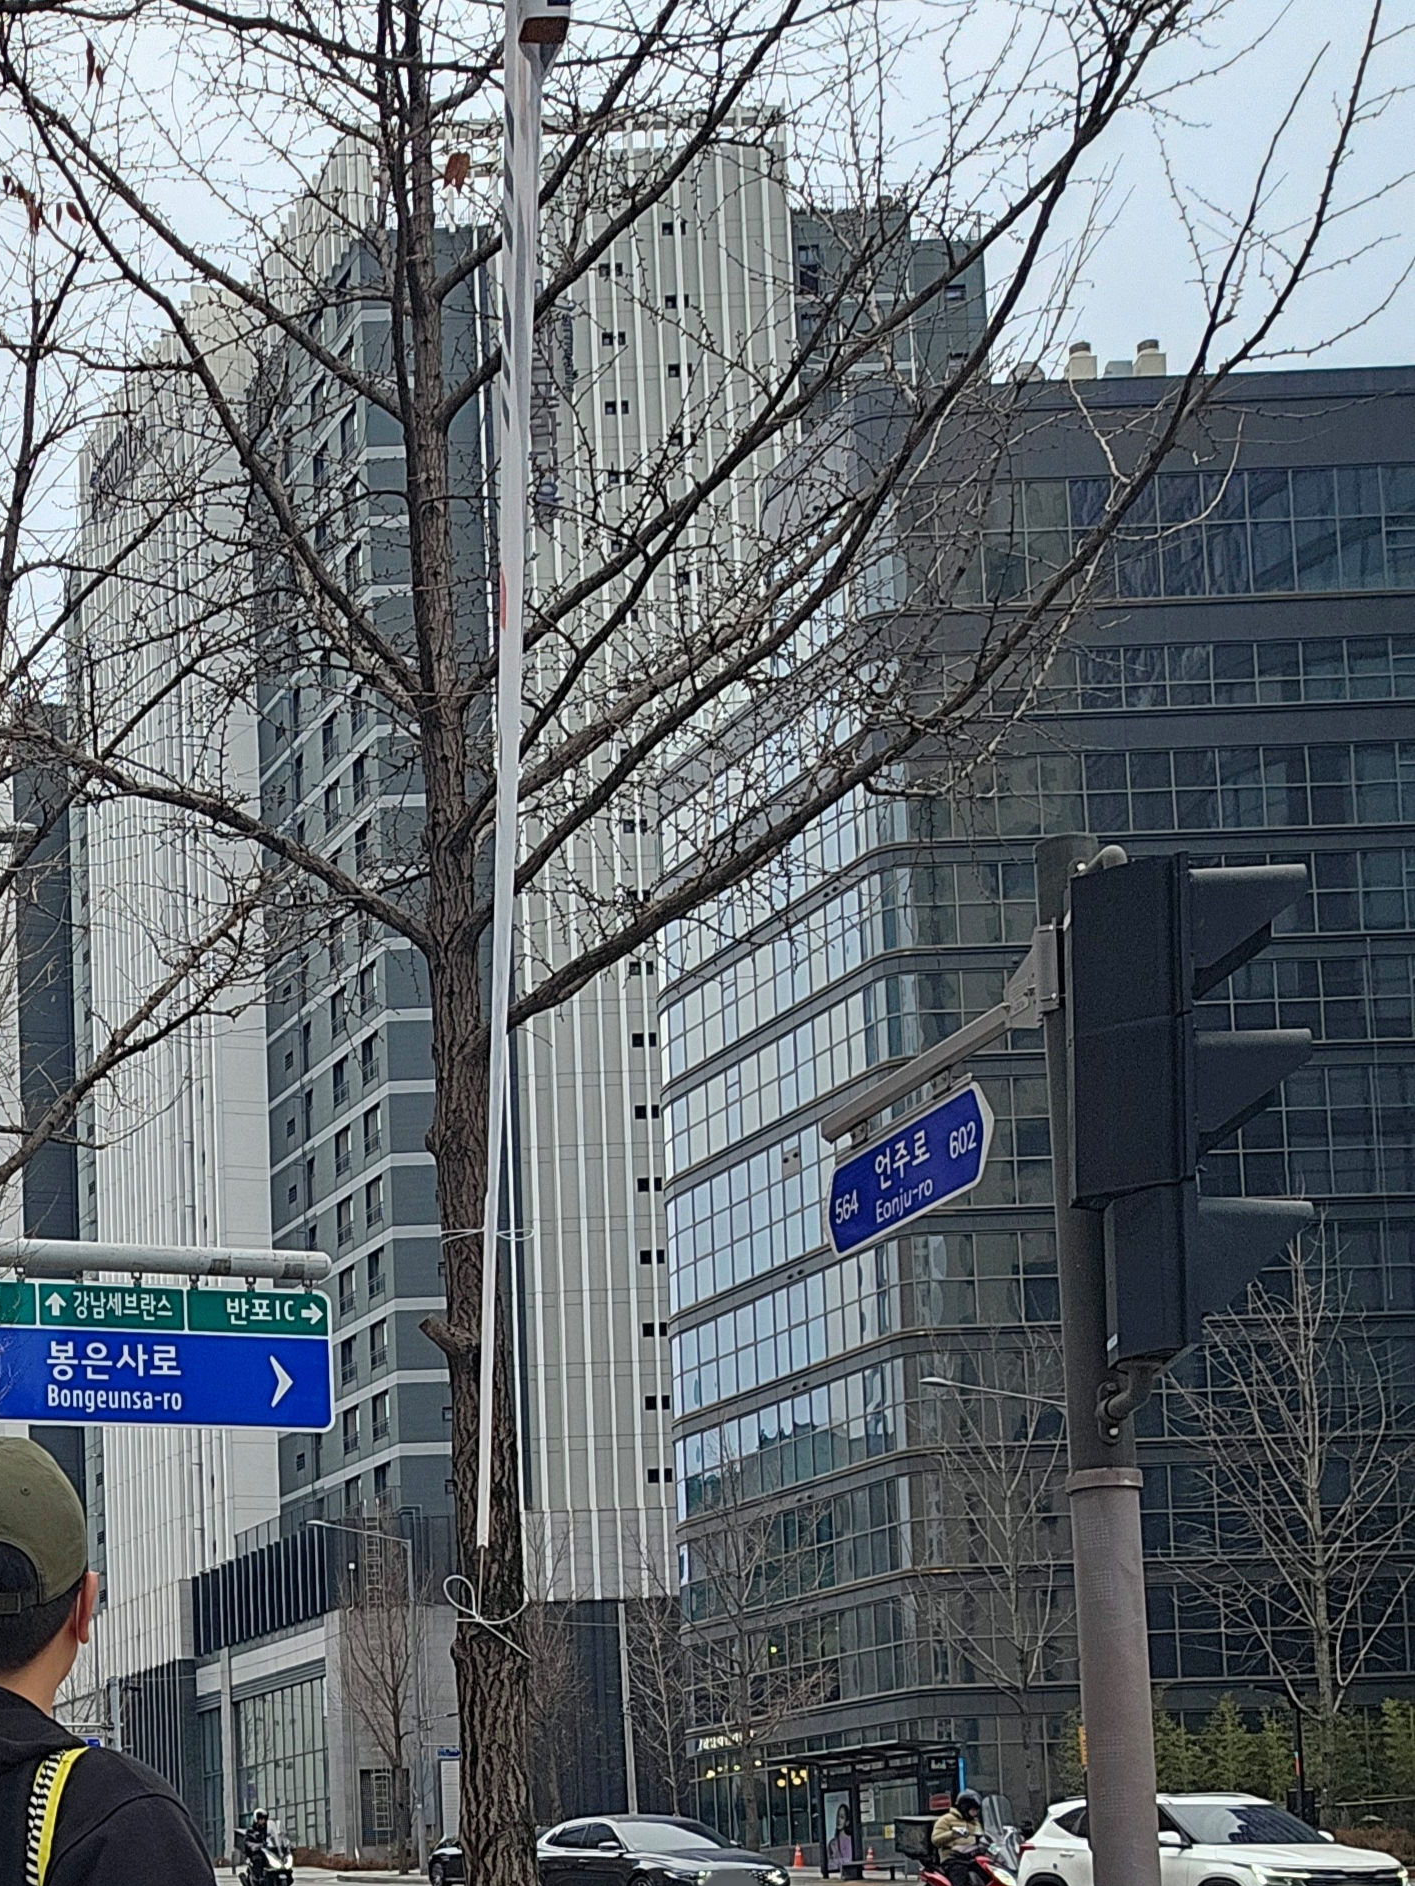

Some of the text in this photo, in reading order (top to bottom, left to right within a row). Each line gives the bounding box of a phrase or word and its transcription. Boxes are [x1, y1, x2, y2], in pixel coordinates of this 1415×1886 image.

[949, 1121, 977, 1159] 602
[874, 1129, 930, 1190] 언주로
[835, 1188, 859, 1224] 564
[875, 1178, 933, 1224] Eonju-ro
[72, 1289, 173, 1321] 강남세브란스
[225, 1297, 297, 1325] 반포IC
[46, 1340, 182, 1382] 봉은사로
[46, 1384, 183, 1413] Bongeunsa-ro
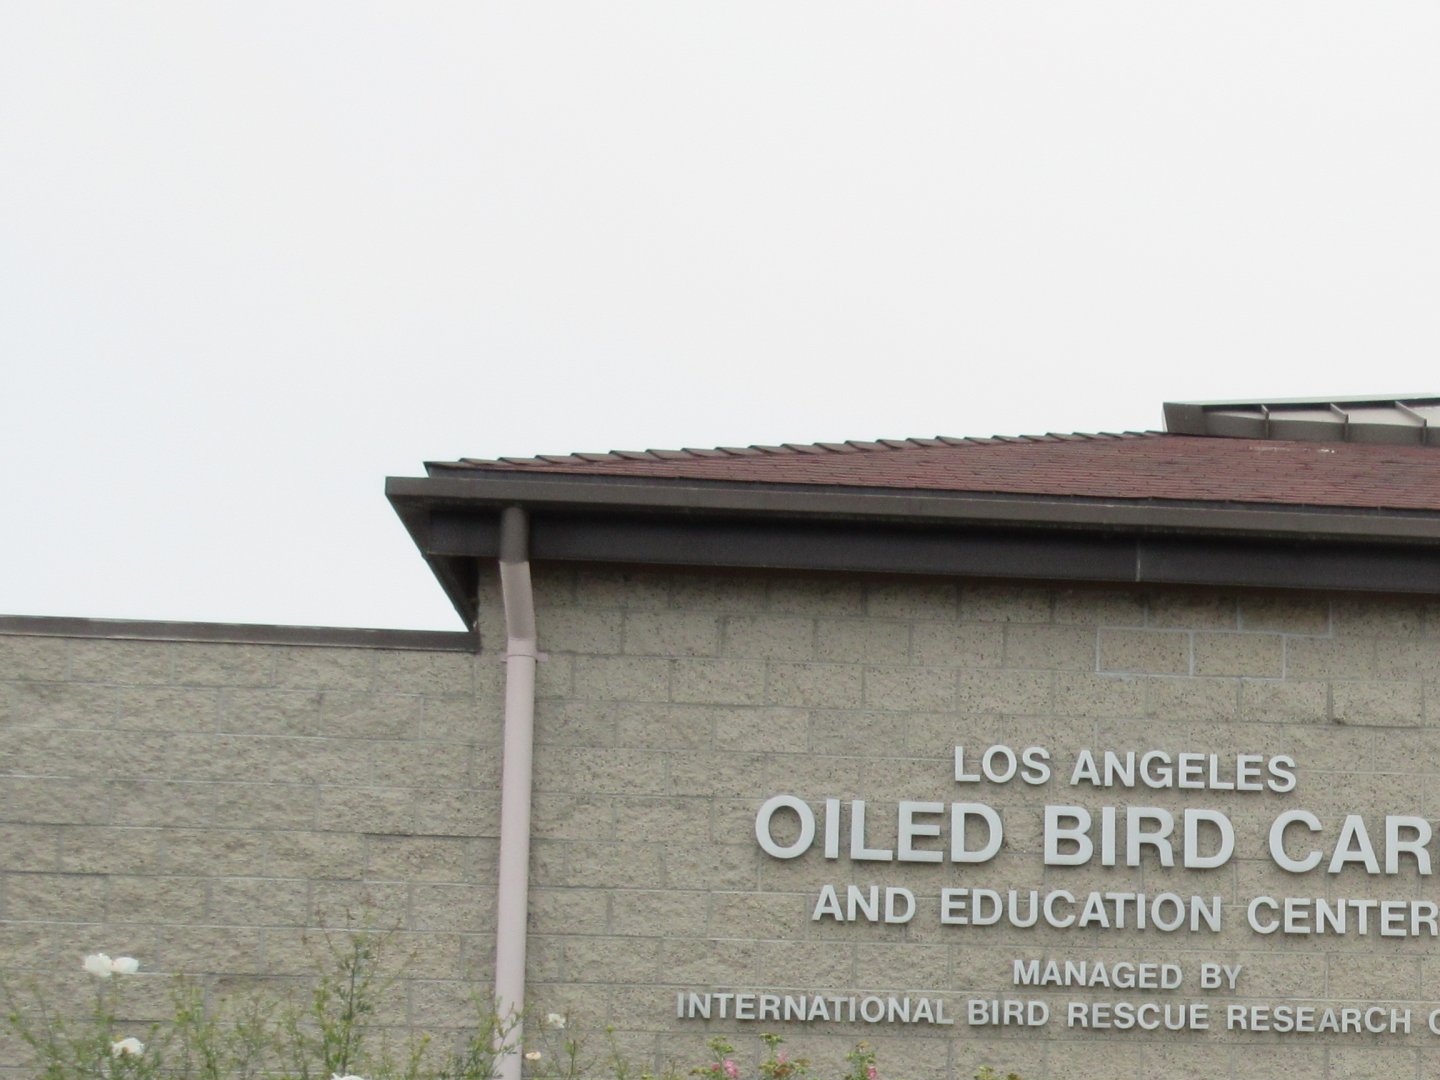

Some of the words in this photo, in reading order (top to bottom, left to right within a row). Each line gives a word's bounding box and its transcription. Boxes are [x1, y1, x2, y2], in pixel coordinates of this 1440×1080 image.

= = = = =

Without copying the pictures, transcribe the entries exactly.

> **Task result**
Some of the text in this photo, in reading order (top to bottom, left to right within a row). Each line gives the bounding box of a phrase or word and its transcription. Boxes are [x1, y1, x2, y2], in pixel coordinates of this 1415×1886 image.

[949, 1121, 977, 1159] 602
[874, 1129, 930, 1190] 언주로
[835, 1188, 859, 1224] 564
[875, 1178, 933, 1224] Eonju-ro
[72, 1289, 173, 1321] 강남세브란스
[225, 1297, 297, 1325] 반포IC
[46, 1340, 182, 1382] 봉은사로
[46, 1384, 183, 1413] Bongeunsa-ro

Some of the words in this photo, in reading order (top to bottom, left to right within a row). Each line gives a word's bounding box and its transcription. Boxes are [x1, y1, x2, y2], in pixel coordinates of this 1440×1080 image.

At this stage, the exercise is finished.